Between 'Location' and 'Site': Linguistic Transformations in the Age of Technology

By

Dr. Qasem Muhammad Koufahi

The phrase commonly used today—“Send me the location”—serves as a vivid example of the linguistic interplay currently shaping the Arabic language amidst digital globalization and the rapid expansion of technological communication. When people use the term “location” (pronounced “location” in Arabic) instead of the Arabic word “mawqi‘” (site), they are not doing so out of a lack of vocabulary.
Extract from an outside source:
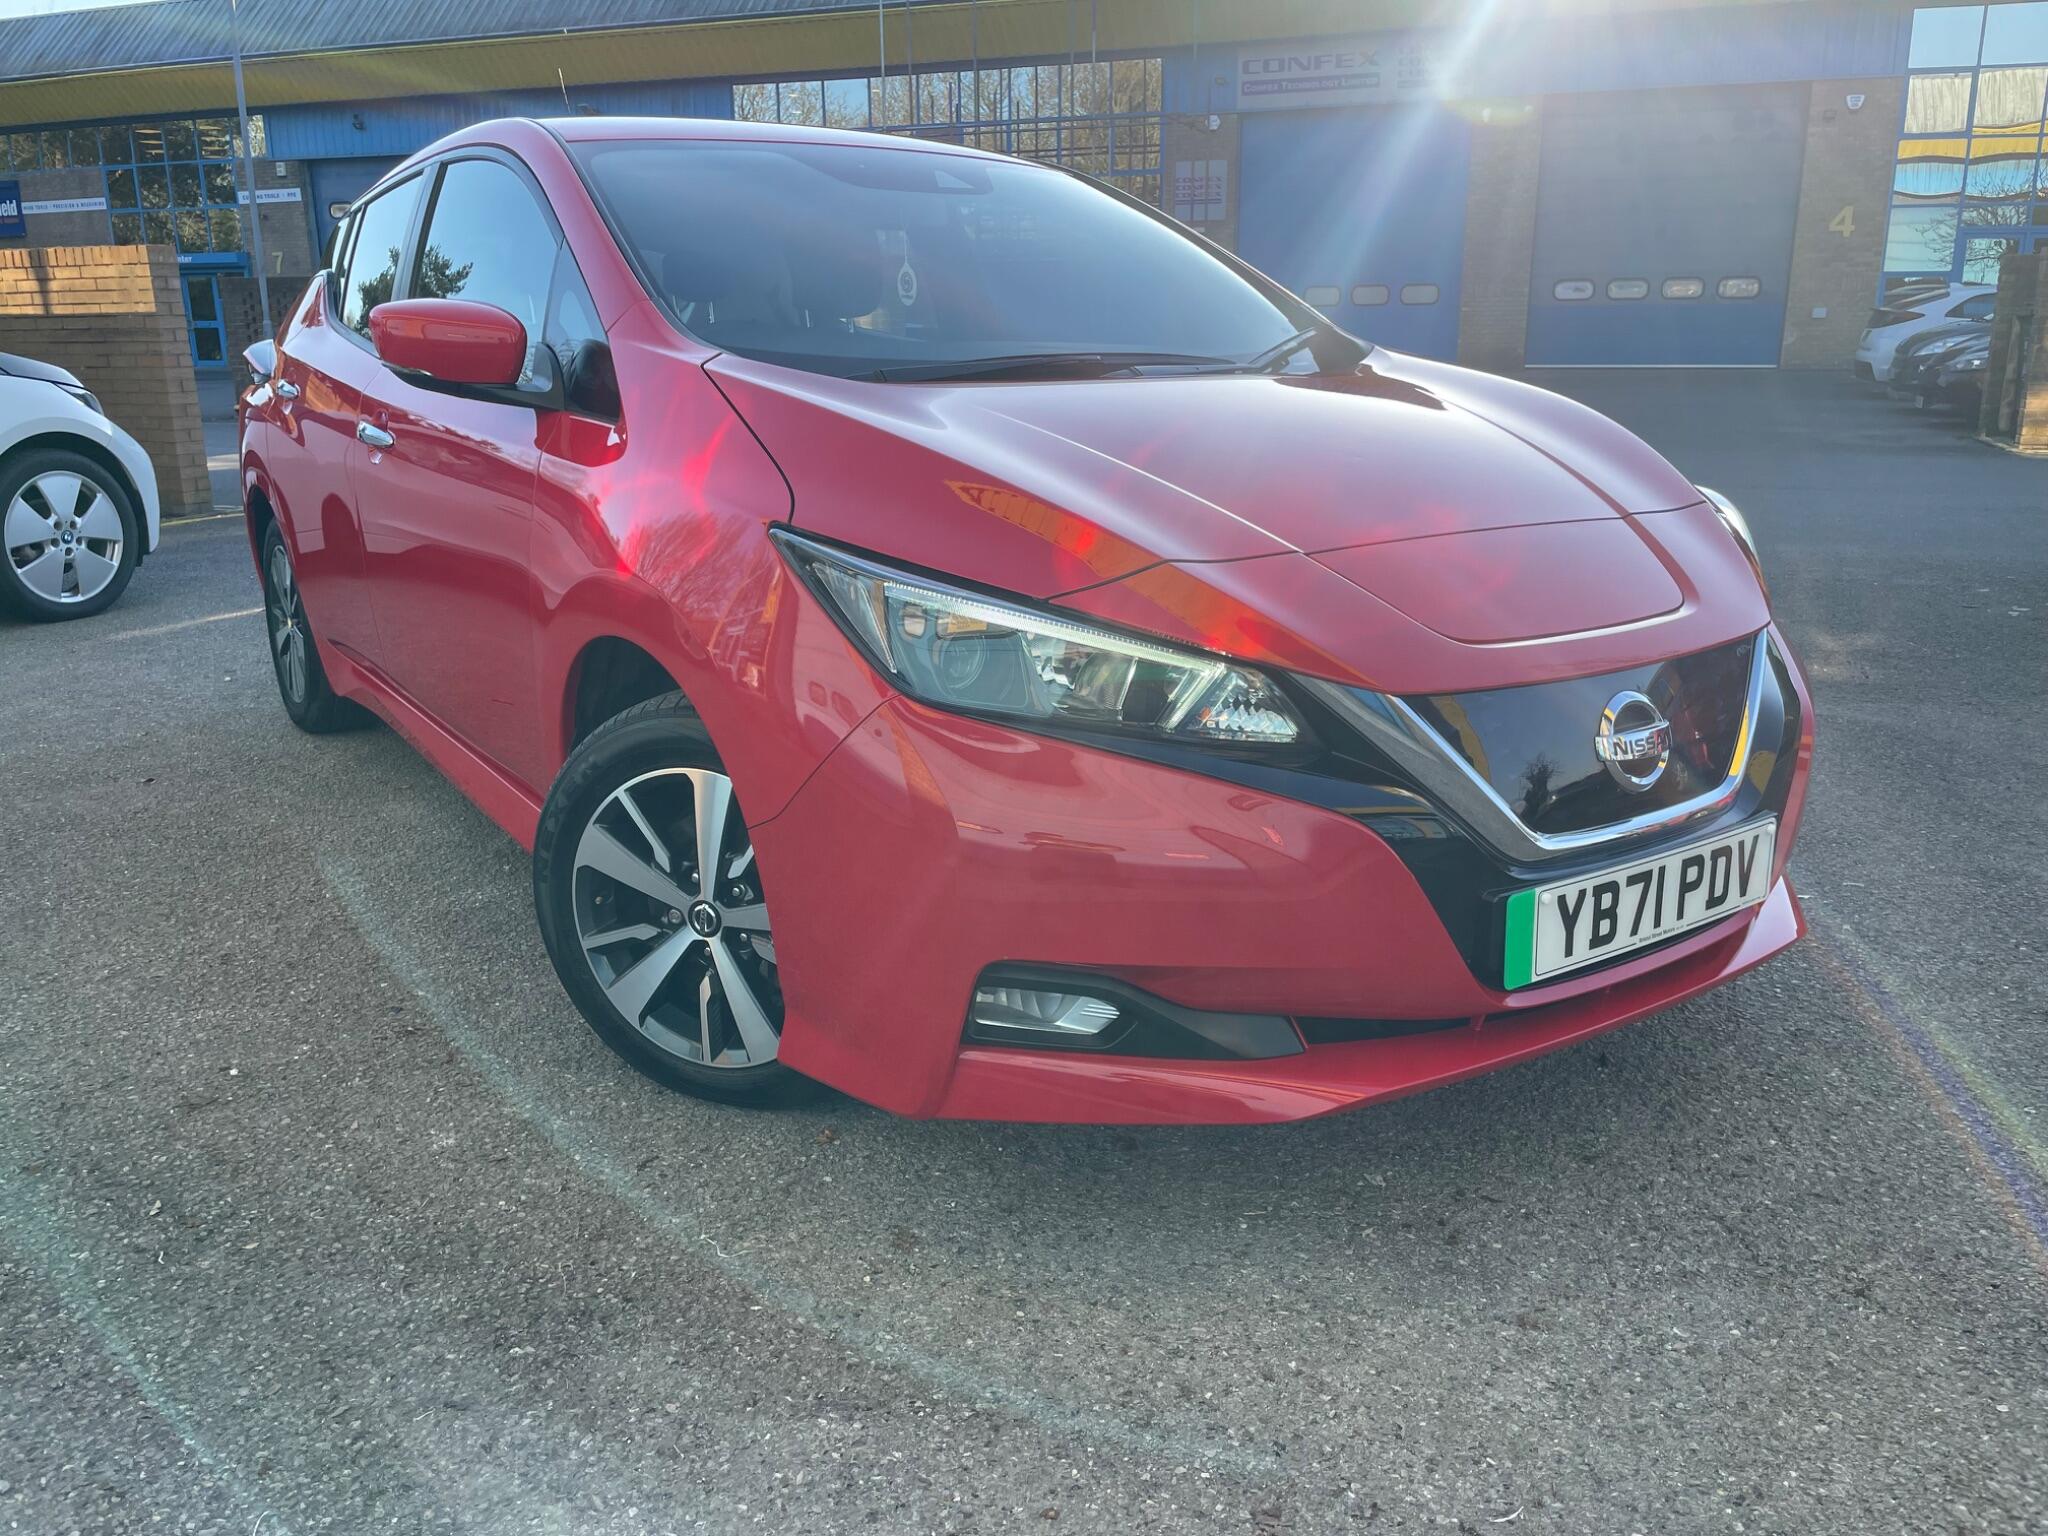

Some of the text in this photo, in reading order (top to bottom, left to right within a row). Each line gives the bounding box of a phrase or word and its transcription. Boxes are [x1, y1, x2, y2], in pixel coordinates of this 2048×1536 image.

[1242, 50, 1379, 75] CONFEX
[1828, 204, 1855, 238] 4
[272, 251, 283, 273] 7
[1557, 834, 1760, 958] YB71 PDV
Rather, it reflects a broader social and linguistic transformation that sociolinguistics seeks to study within its cultural and communicative contexts.
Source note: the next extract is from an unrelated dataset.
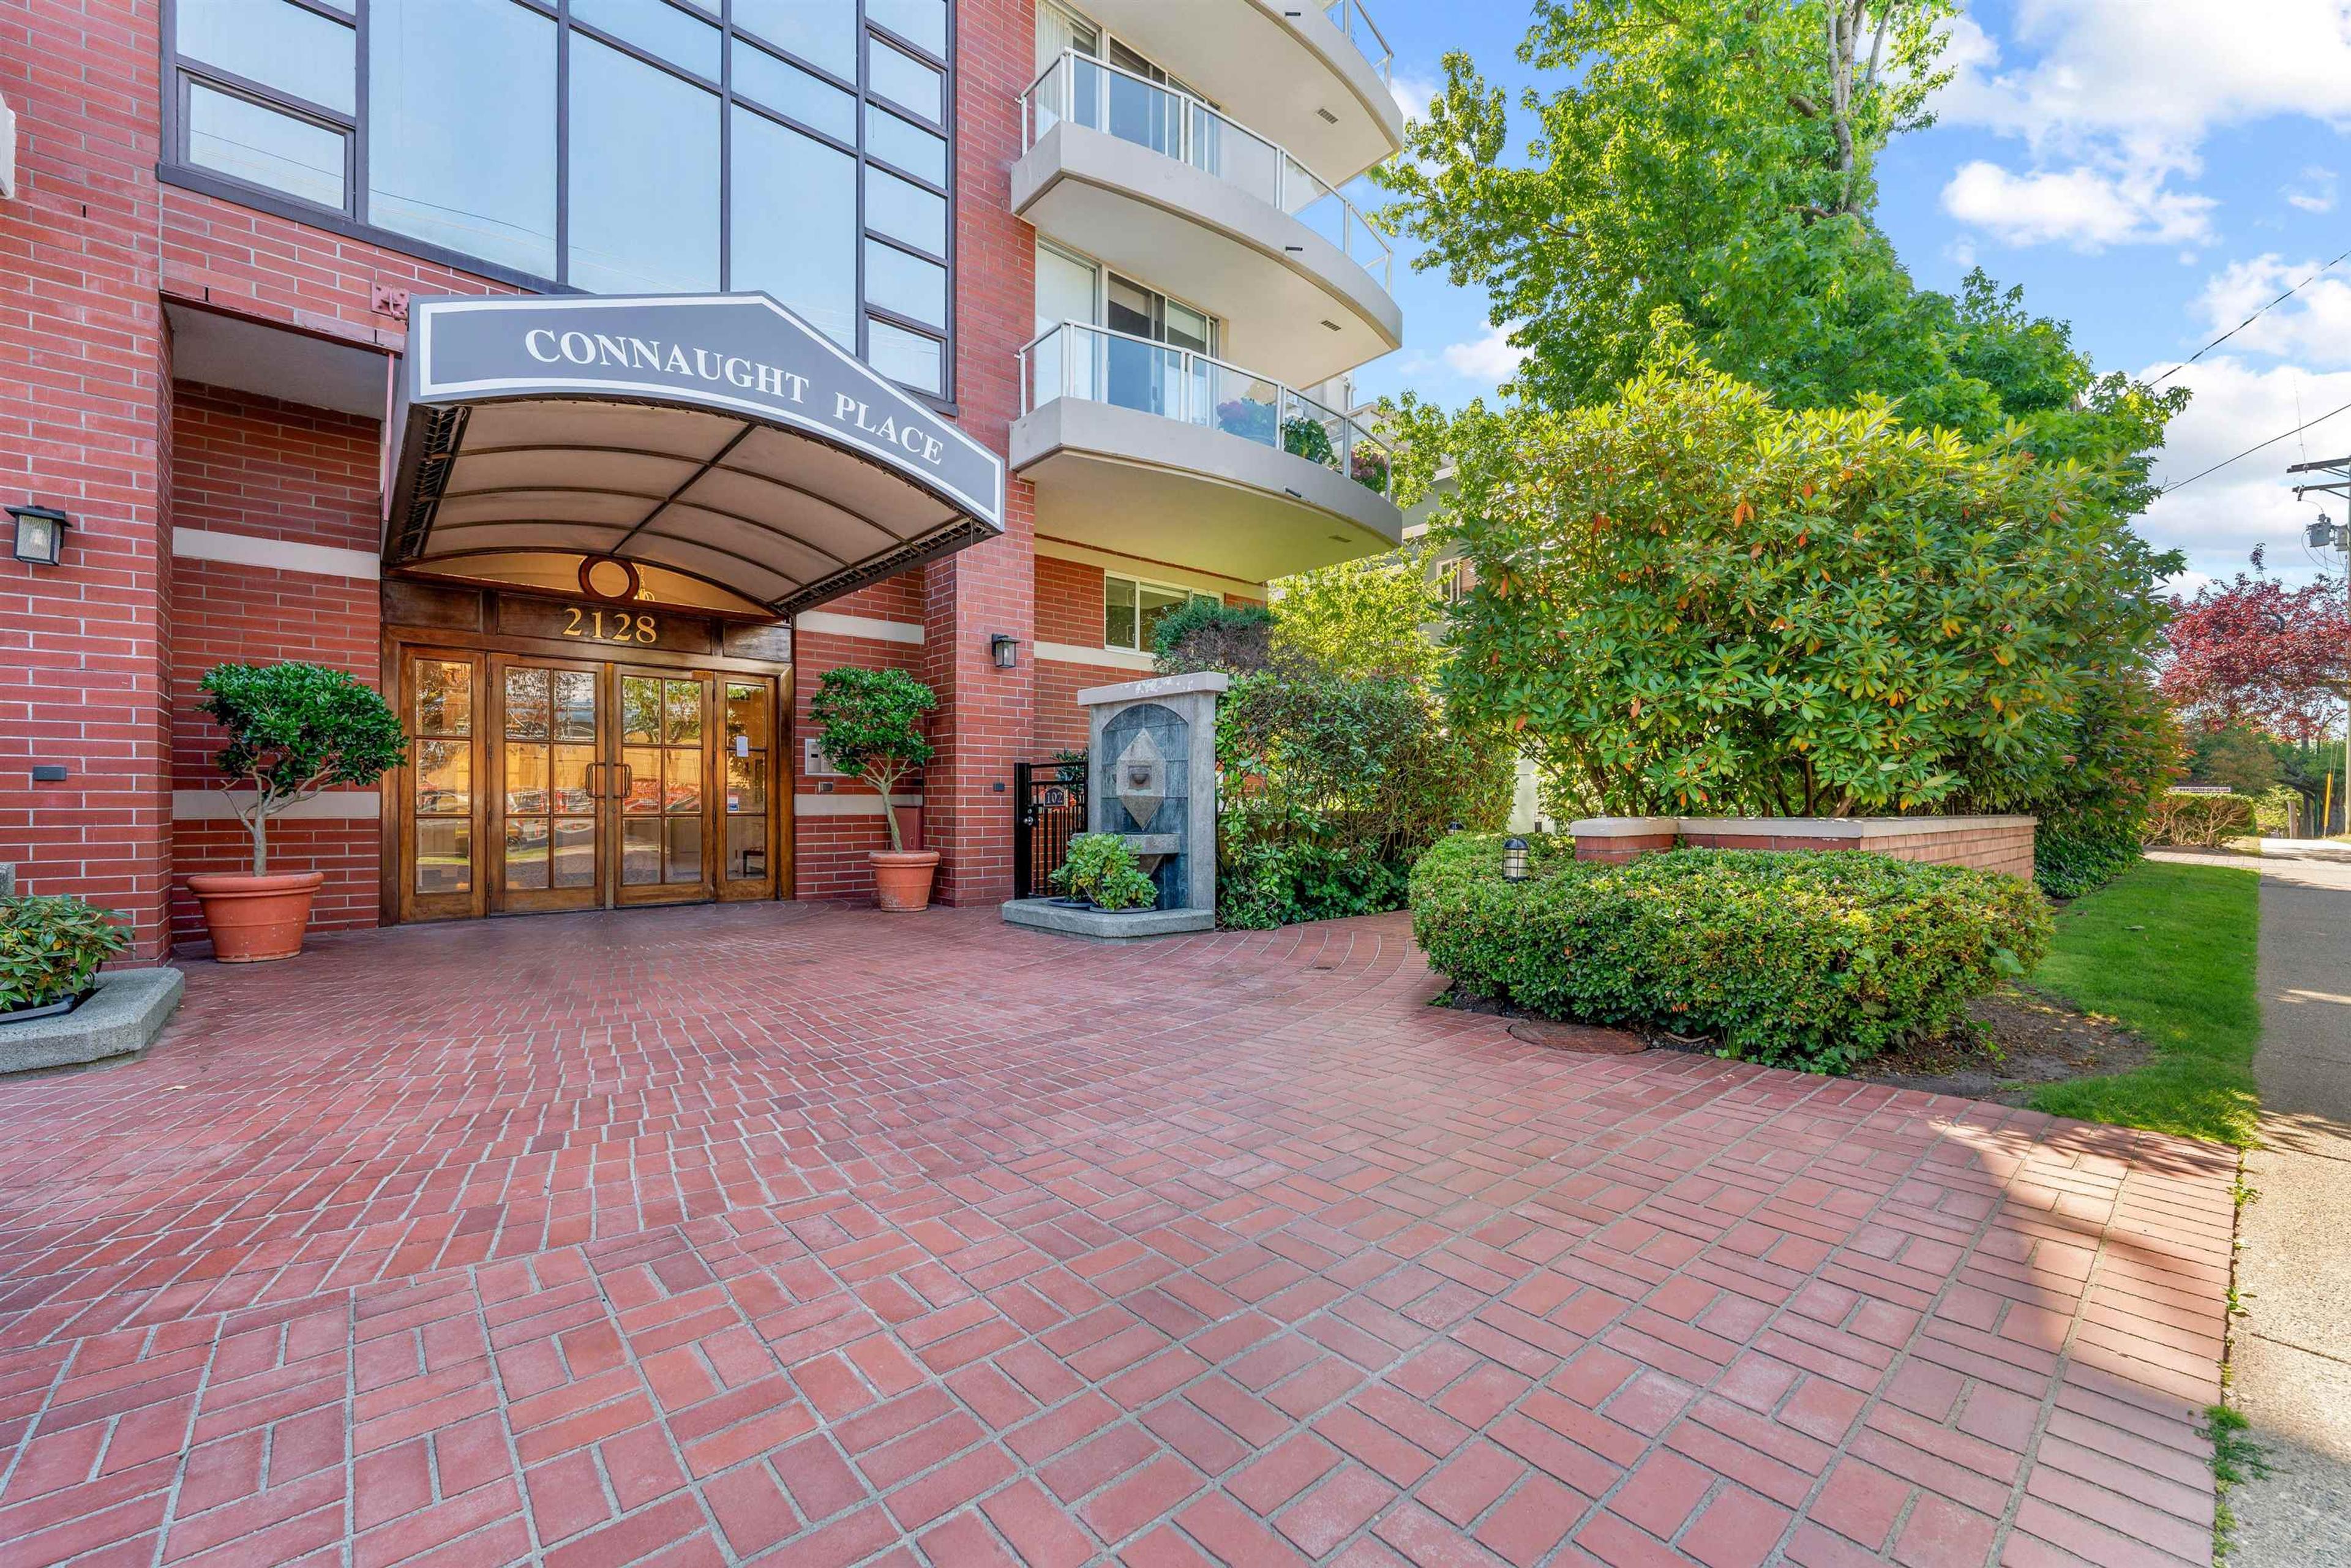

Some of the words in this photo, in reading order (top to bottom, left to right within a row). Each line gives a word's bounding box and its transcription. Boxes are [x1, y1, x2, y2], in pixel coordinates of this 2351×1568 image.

[525, 329, 809, 404] CONNAUGHT
[832, 391, 943, 465] PLACE
[562, 608, 657, 643] 2128
[1046, 792, 1063, 803] 102
This phenomenon is closely tied to what is known as “linguistic diglossia” or even “linguistic hybridization”, where the native language intersects with borrowed vocabulary from foreign languages, often used to serve specific functions in daily life. While the word “location” is, semantically speaking, a precise synonym of the Arabic word “mawqi‘”, its pragmatic context carries an added social connotation—one associated with smartphones, mapping applications, and instant messaging platforms. Saying “Send me the mawqi‘” might come across as a more traditional phrase that doesn’t fully capture the technical action of sharing a direct geographic link via a specific app. By contrast, “Send me the location” has become imbued with a contemporary functional meaning that directly signals this technical process.
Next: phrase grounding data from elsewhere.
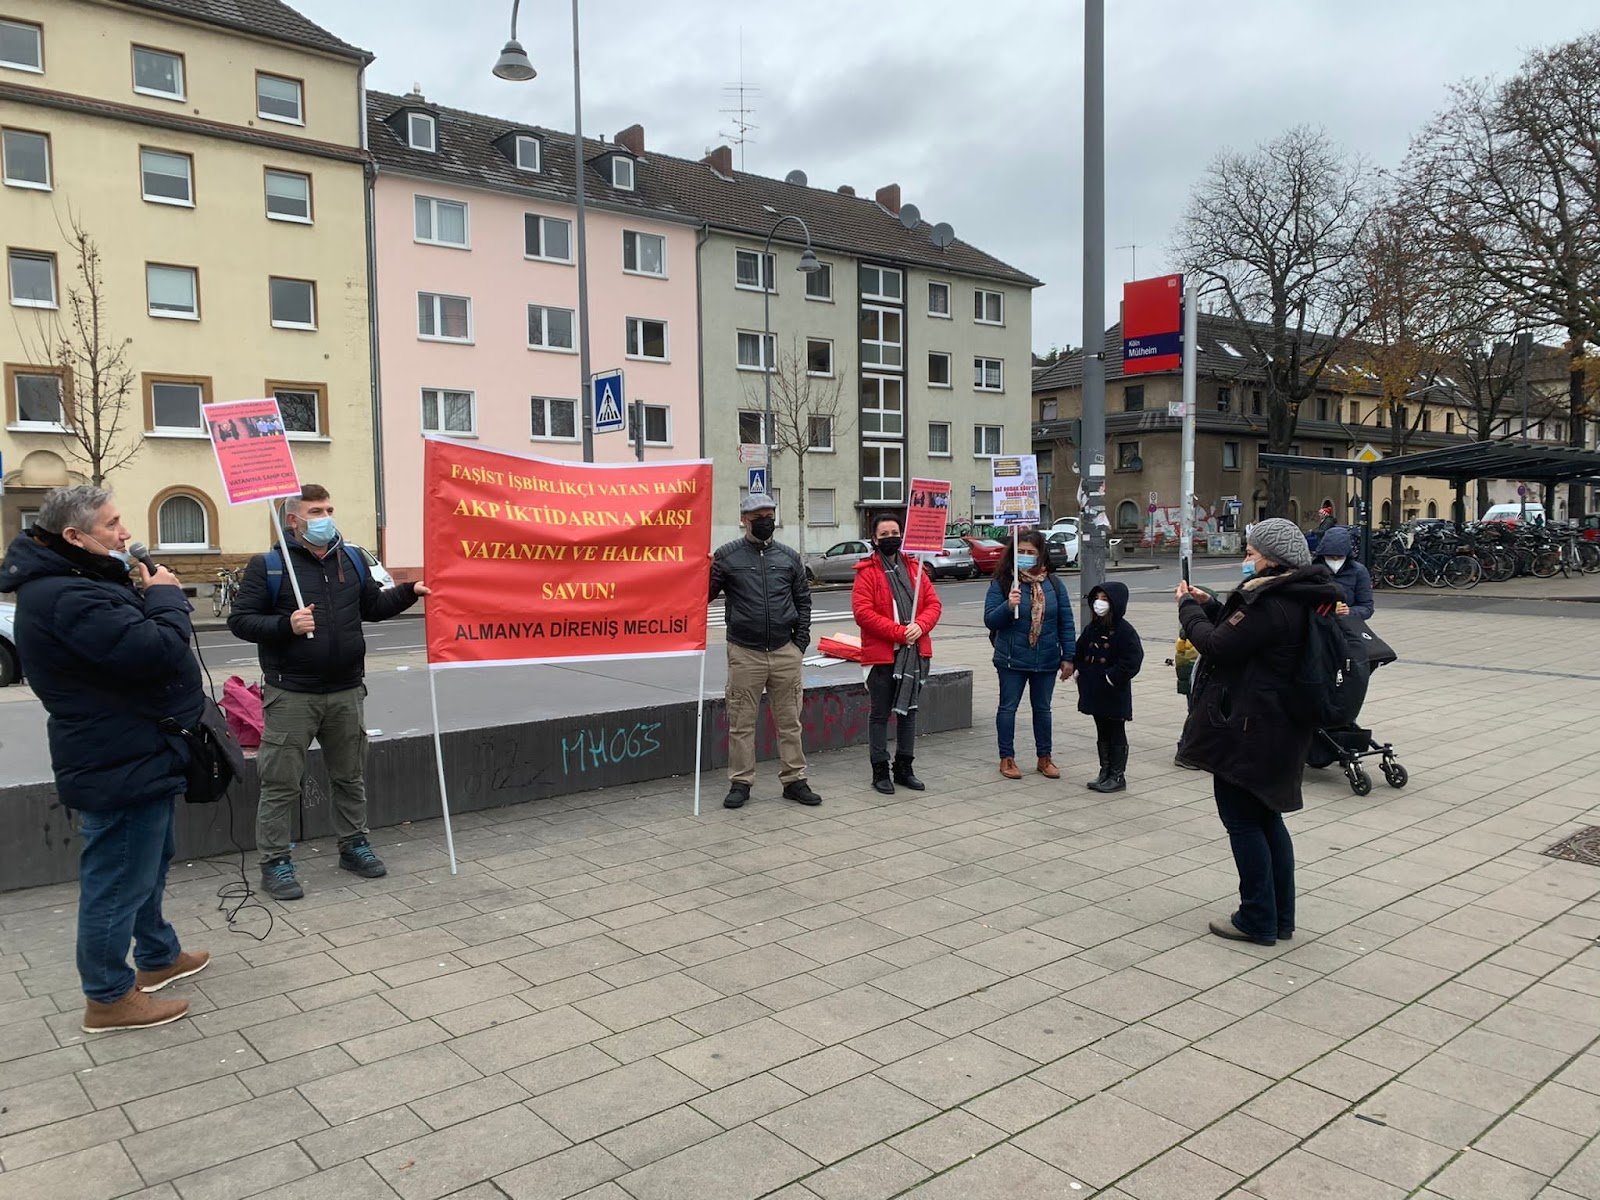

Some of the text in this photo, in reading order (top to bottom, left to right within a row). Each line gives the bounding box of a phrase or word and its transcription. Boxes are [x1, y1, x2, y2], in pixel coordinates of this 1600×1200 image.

[1129, 346, 1157, 357] Mülheim
[451, 463, 697, 497] FAŞİST İŞBİRLİKÇİ VATAN HAİNİ
[453, 499, 693, 529] AKP İKTİDARINA KARŞI
[460, 539, 685, 562] VATANINI VE HALKINI
[542, 582, 616, 600] SAVUN!
[455, 614, 688, 640] ALMANYA DİRENİŞ MECLİSİ
From a sociolinguistic perspective, such usage cannot be understood in isolation from the social contexts that produce and reproduce it. The choice to use a foreign term here is not a betrayal of the mother tongue but rather a reflection of a communicative reality where the local and the global intersect—reshaping individuals’ linguistic preferences based on variables such as age, profession, social class, and technological literacy. It’s often observed that the use of “location” is more prevalent among youth, educated individuals, or those directly engaged with modern technologies. This lends the term a social cachet or a sense of modernity, as opposed to “mawqi‘”, which might feel more formal or conventional.

Our stance toward this phenomenon should move beyond mere value judgments—whether praising or condemning speakers. The speaker is not a machine programmed to preserve the dictionary definitions of a language. Rather, they are a social agent who adapts language to their interactive needs, choosing words—whether from their native language or another—that best serve their communicative intent. However, this does not suggest a blanket acceptance of replacing Arabic vocabulary with foreign terms. Instead, it invites a measured reflection on the phenomenon and an understanding that resisting linguistic assimilation is not about prohibiting usage, but rather about reviving Arabic expressions and developing their pragmatic usage so they remain alive and effective in the speaker’s consciousness.

In this light, the phrase “Send me the location” is not merely a linguistic slip or a verbal luxury. It is an embodiment of social-linguistic dynamics worthy of study—an indicator of how communication patterns are shifting in our societies, and how language continually interacts with identity, technology, and culture.